----- Information supplied

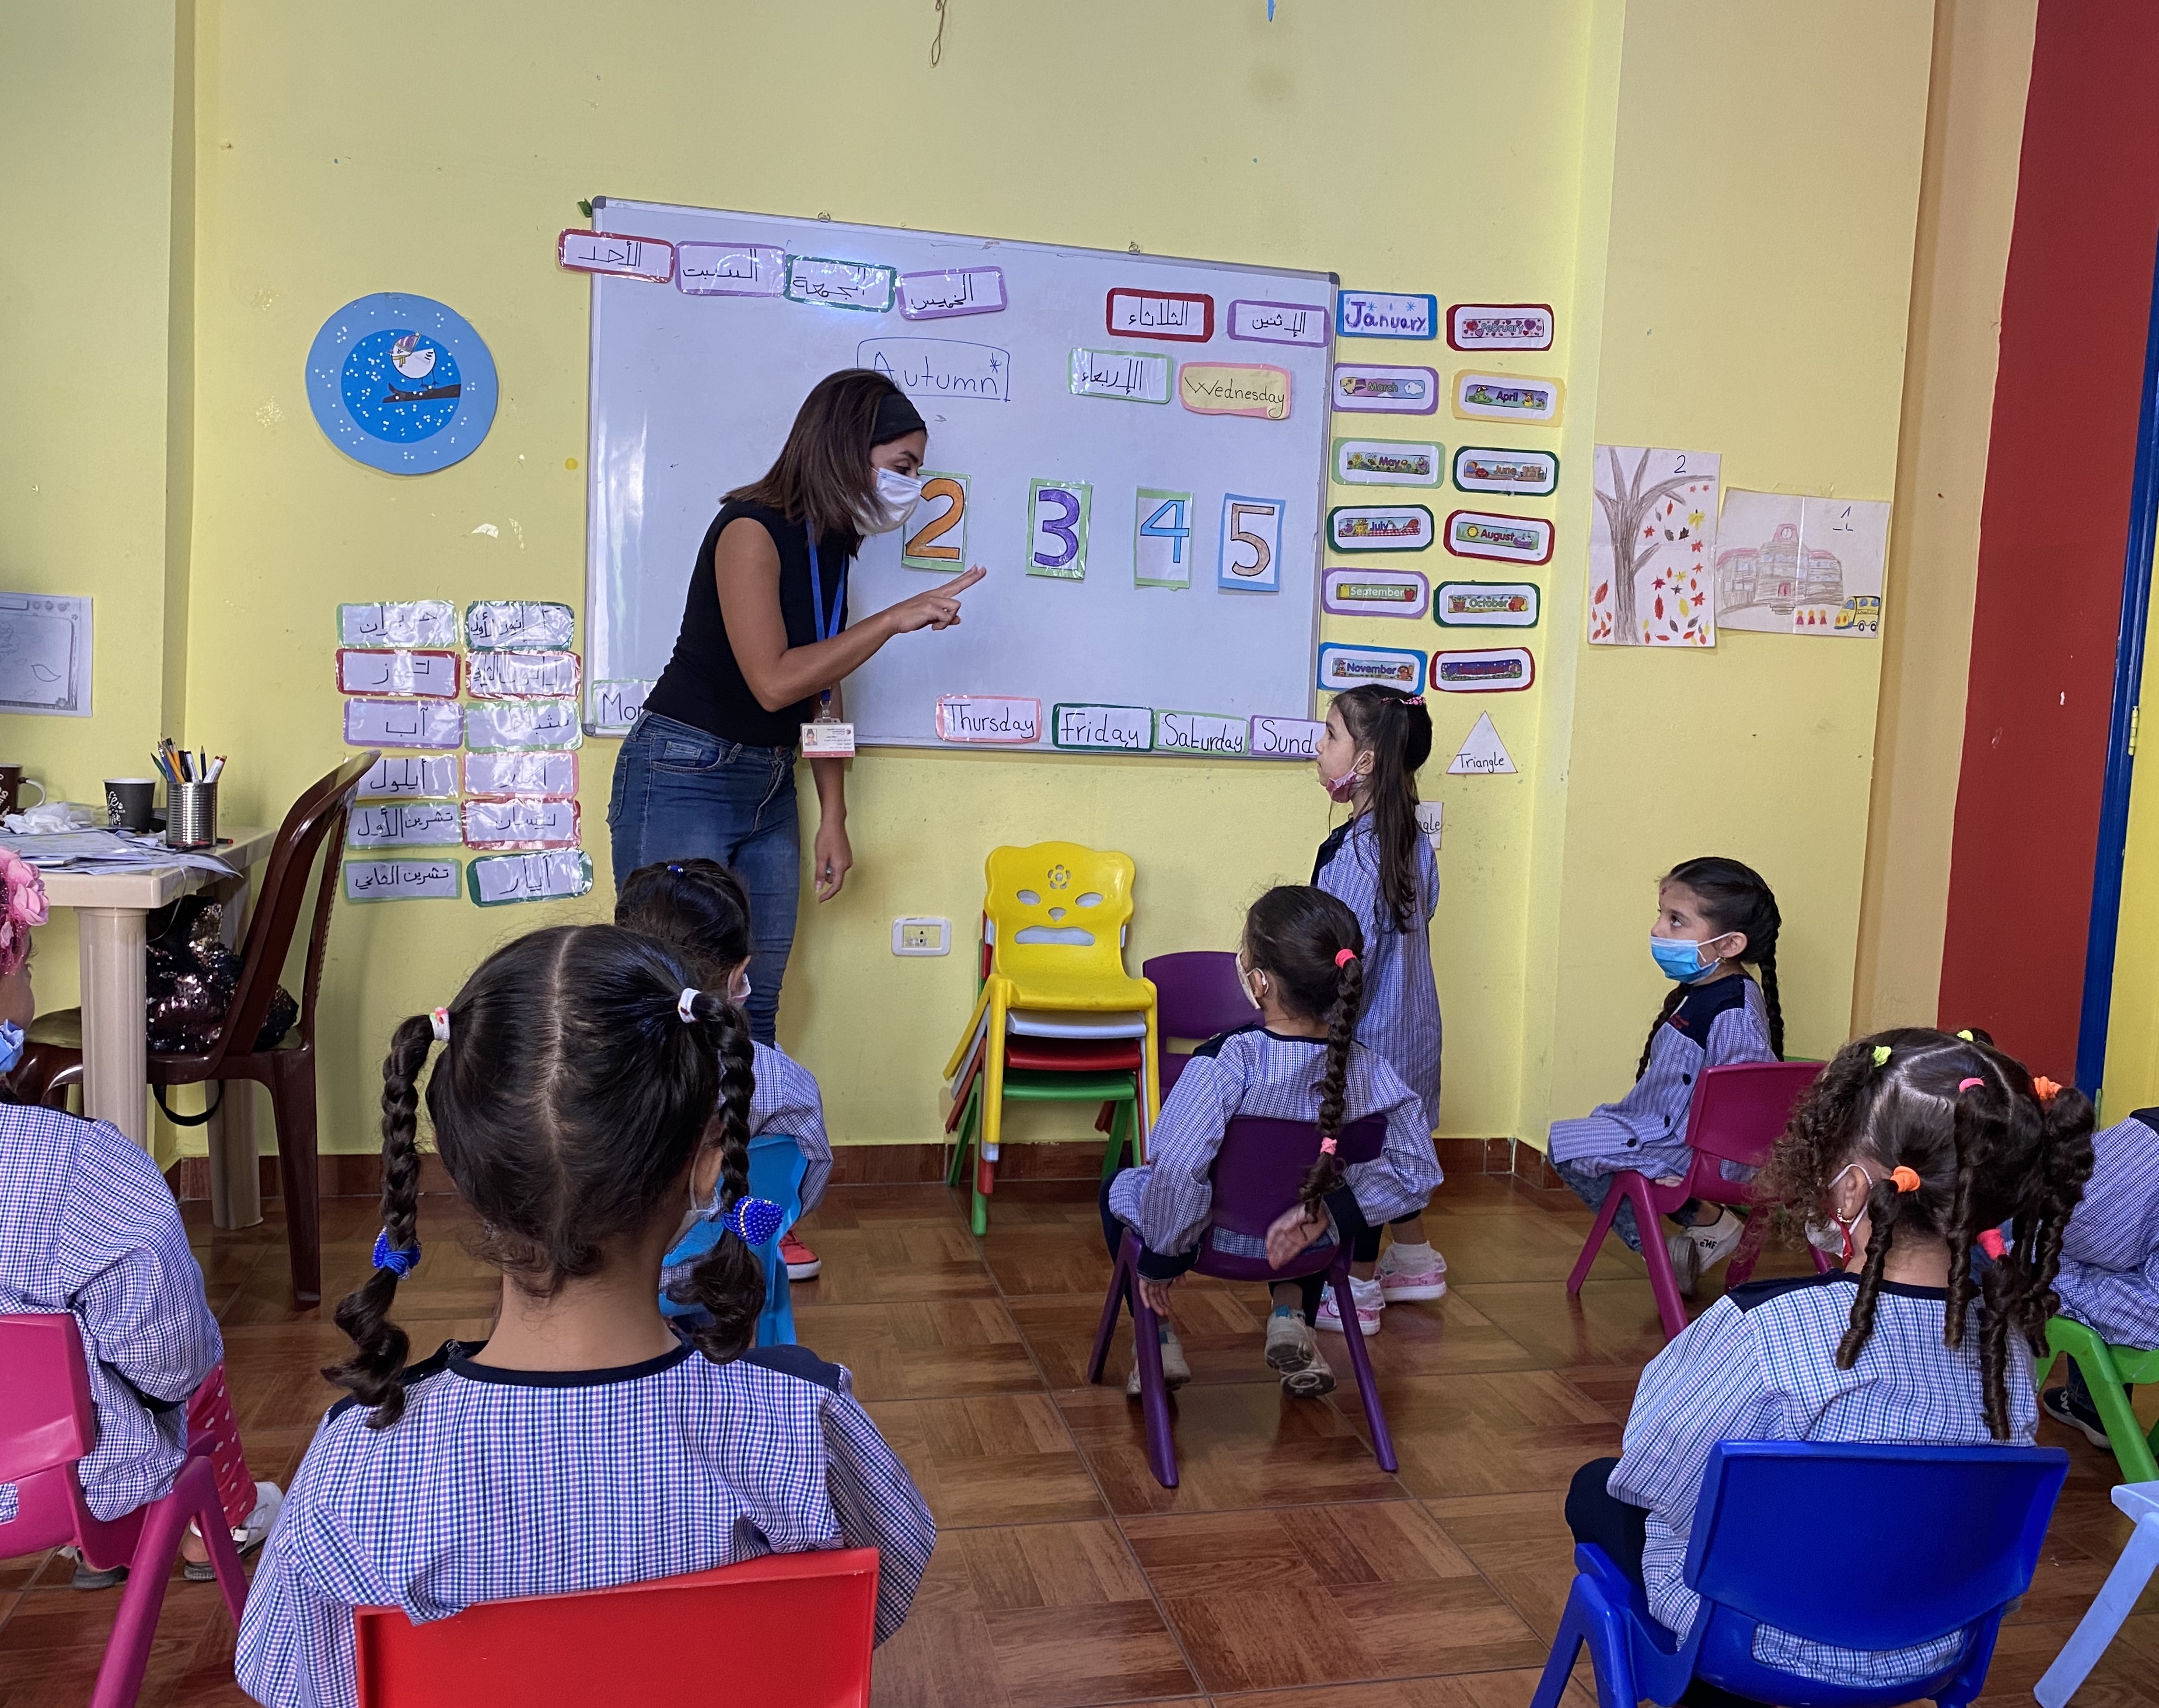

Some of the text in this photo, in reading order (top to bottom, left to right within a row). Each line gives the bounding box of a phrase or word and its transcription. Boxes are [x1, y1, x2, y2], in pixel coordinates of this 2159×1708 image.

[578, 240, 642, 267] الأحد
[682, 248, 758, 282] السبت
[792, 267, 867, 301] الجمعة
[911, 273, 974, 310] الخميس
[1128, 296, 1189, 327] الثلاثاء
[1344, 301, 1427, 332] January
[1480, 322, 1525, 334] February
[874, 351, 998, 395] Autumn
[1367, 381, 1399, 393] March
[1184, 376, 1285, 419] Wednesday
[1496, 390, 1519, 403] April
[1378, 456, 1400, 468] May
[1494, 464, 1517, 476] June
[1674, 454, 1686, 474] 2
[905, 477, 965, 560] 2
[1033, 488, 1080, 567] 3
[1140, 499, 1190, 564] 4
[1370, 520, 1389, 532] July
[1230, 502, 1275, 577] 5
[1480, 528, 1516, 542] August
[1350, 586, 1405, 598] September
[1469, 596, 1509, 609] October
[1346, 662, 1398, 675] November
[385, 706, 429, 737] آب
[938, 703, 1035, 739] Thursday
[1061, 712, 1139, 749] Friday
[1164, 713, 1243, 753] Saturday
[1262, 719, 1314, 754] Sund
[370, 758, 427, 792] أيلول
[1456, 752, 1504, 774] Triangle
[357, 808, 453, 838] تشرين الأول
[355, 865, 449, 890] تشرين الثاني

----------

Work instructions -
Would you please copy the listing exactly, omitting every picture?

Answer to the exercise -
Some of the text in this photo, in reading order (top to bottom, left to right within a row). Each line gives the bounding box of a phrase or word and its transcription. Boxes are [x1, y1, x2, y2], in pixel coordinates of this 2159×1708 image.

[578, 240, 642, 267] الأحد
[682, 248, 758, 282] السبت
[792, 267, 867, 301] الجمعة
[911, 273, 974, 310] الخميس
[1128, 296, 1189, 327] الثلاثاء
[1344, 301, 1427, 332] January
[1480, 322, 1525, 334] February
[874, 351, 998, 395] Autumn
[1367, 381, 1399, 393] March
[1184, 376, 1285, 419] Wednesday
[1496, 390, 1519, 403] April
[1378, 456, 1400, 468] May
[1494, 464, 1517, 476] June
[1674, 454, 1686, 474] 2
[905, 477, 965, 560] 2
[1033, 488, 1080, 567] 3
[1140, 499, 1190, 564] 4
[1370, 520, 1389, 532] July
[1230, 502, 1275, 577] 5
[1480, 528, 1516, 542] August
[1350, 586, 1405, 598] September
[1469, 596, 1509, 609] October
[1346, 662, 1398, 675] November
[385, 706, 429, 737] آب
[938, 703, 1035, 739] Thursday
[1061, 712, 1139, 749] Friday
[1164, 713, 1243, 753] Saturday
[1262, 719, 1314, 754] Sund
[370, 758, 427, 792] أيلول
[1456, 752, 1504, 774] Triangle
[357, 808, 453, 838] تشرين الأول
[355, 865, 449, 890] تشرين الثاني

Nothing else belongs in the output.